Ma il primo (Ferenc Körmendi) e il terzo (Lajos Zilahy) sono due
romanzieri ungheresi – assai amati da critica e pubblico in Italia
negli anni Trenta e Quaranta. Il romanzo Incontrarsi e dirsi
addio di Körmendi (1938, trad. 1939) era talmente conosciuto da
diventare un modo di dire nel linguaggio comune. Val la pena
ricordare che negli anni del regime fascista, quando la letteratura
americana era vietata o malvista, e si guardava con sospetto a
quella francese e inglese, venivano soprattutto dall’Ungheria i
romanzi contemporanei. In essi i lettori italiani potevano leggere
scene che un romanziere italiano non avrebbe potuto permettersi
di scrivere – per esempio la descrizione di un aborto. (Da ciò
l’espressione di Franco: “la cruda realtà”). Oltre ai due su
nominati, si possono ricordare Mihaly Babits, Mihaly Foldy,
Ferenc Herczeg. Budapest e il lago Balaton erano lo scenario di
storie psicologiche di sentimenti e crisi coniugali ambientati nel
mondo dell’alta borghesia. Anche il cinema dei telefoni bianchi
situava in Ungheria le commedie sentimentali più raffinate. Le
attrici e i registi italiani s’inventavano pseudonimi ungheresi per
attrarre spettatori. Budapest era la “Parigi” degli italiani nel
Ventennio. Oggi quei romanzieri sono dimenticati, e solo Sandor
Marai è stato rivalutato dopo la ripubblicazione, alcuni anni fa da
parte dell’editore Adelphi, di Braci. E’ curiosa questa ostentata
esterofilia del fascista Franco, che dovrebbe preferire l’autarchia.

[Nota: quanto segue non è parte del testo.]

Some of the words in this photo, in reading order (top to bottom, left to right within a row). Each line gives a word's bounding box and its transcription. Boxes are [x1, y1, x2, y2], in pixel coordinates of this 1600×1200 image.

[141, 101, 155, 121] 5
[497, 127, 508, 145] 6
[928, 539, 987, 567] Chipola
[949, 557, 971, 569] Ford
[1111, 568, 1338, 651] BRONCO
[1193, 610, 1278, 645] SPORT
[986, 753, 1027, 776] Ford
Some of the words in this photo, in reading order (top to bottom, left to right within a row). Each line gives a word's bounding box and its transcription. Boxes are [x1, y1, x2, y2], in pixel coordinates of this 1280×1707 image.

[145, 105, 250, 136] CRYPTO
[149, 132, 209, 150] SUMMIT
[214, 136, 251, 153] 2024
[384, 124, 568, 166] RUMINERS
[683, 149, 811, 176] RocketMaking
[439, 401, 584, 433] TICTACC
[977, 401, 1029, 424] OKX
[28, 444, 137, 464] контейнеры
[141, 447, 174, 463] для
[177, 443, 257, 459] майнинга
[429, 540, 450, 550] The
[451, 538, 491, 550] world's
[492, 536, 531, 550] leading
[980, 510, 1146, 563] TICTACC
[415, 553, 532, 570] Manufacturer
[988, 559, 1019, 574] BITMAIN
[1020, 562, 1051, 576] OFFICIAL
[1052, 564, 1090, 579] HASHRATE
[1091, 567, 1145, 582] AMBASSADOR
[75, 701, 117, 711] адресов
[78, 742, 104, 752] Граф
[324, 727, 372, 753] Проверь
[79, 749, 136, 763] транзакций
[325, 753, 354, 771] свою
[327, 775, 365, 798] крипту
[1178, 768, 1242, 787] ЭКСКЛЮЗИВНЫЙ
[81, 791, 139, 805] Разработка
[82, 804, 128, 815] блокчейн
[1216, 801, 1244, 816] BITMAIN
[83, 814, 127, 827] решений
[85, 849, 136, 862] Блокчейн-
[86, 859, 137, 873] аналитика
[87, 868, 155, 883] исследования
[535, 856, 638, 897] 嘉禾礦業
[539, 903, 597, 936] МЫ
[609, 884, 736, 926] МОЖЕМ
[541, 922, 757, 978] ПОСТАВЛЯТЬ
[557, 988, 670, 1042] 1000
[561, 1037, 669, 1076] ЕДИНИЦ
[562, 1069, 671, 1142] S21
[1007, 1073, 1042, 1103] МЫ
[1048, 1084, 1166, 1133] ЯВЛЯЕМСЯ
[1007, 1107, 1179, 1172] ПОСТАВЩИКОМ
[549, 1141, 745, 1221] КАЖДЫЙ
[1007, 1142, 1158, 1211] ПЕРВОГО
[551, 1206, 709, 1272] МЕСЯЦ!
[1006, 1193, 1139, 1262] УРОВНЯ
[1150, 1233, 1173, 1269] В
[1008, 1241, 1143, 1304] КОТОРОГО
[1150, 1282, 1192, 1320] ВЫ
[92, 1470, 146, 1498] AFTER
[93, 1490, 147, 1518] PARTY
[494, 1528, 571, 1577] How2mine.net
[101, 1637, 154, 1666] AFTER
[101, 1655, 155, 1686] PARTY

Ma si sa, la letteratura non è mai stata considerata un bene
nazionale…
Anche nelle lettere successive, sebbene più sporadicamente,
Franco e Anna Maria parlano di libri. Dal campo di prigionia di
Yol, nel 1943, quando ricomincia a scrivere, Franco le chiede
libri – “moderni, modernissimi” (p. 70) perché, dopo aver
rinunciato a studiare le lingue, leggere è la sua unica
occupazione. Lei glieli invia, anche se non sappiamo i loro titoli.
In un’altra lettera, è lei che gli cita una frase tratta da un romanzo
ungherese (leggi, p. 208). Le sembra che riassuma il senso della
loro esistenza.
E’ interessante notare che Lajos Zilahy (1891-1974), uno degli
autori amati da Franco, era autore del romanzo best-seller di
quegli anni, Due prigionieri. Pubblicato in Ungheria nel 1927,
era stato tradotto in italiano da Corbaccio nel 1930, e da allora
ristampato continuamente (nel 1939 aveva superato le
quarantamila copie). L’ho trovato menzionato da numerosi
soldati e ufficiali italiani al fronte (in Grecia, in Russia, in
Africa): era la loro lettura preferita.
Il romanzo inizia nel 1913. Ambientato durante la prima guerra
mondiale, e poi nel dopoguerra, racconta la storia di Pietro
Takacs e Mietta, una coppia di giovani innamorati che sono
sposati da appena tre mesi il giorno dell’attentato di Sarajevo.
Pietro viene spedito in Galizia. Ma la sua guerra dura poco.
L’ufficiale, circondato dai nemici, sconfitto e fatto prigioniero,
viene trasferito in Russia – e poi in Siberia.
Gli sposi vengono divisi dalla guerra e dal crollo del loro mondo
(l’Impero austro-ungarico). Le vicende dei due protagonisti
vengono narrate a capitoli alternati – dai rispettivi punti di vista,
così che la loro lontananza geografica diventa anche lontananza
morale, e infine sentimentale.
Il matrimonio non regge ai lunghi anni di separazione: entrambi
maturando cambiano, e finiscono per rifarsi una vita con un altro.
Ed è qui che i protagonisti del romanzo ungherese divaricano il
loro destino da quello di Franco e Anna Maria.
Quella che Franco apprezzava perché riteneva “cruda realtà” si
rivelava invece finzione romanzesca, letteratura.
La vita sa essere più paziente, l’amore reale più tenace di quello
letterario.
Una lezione di cui noi scrittori dovremmo tener conto.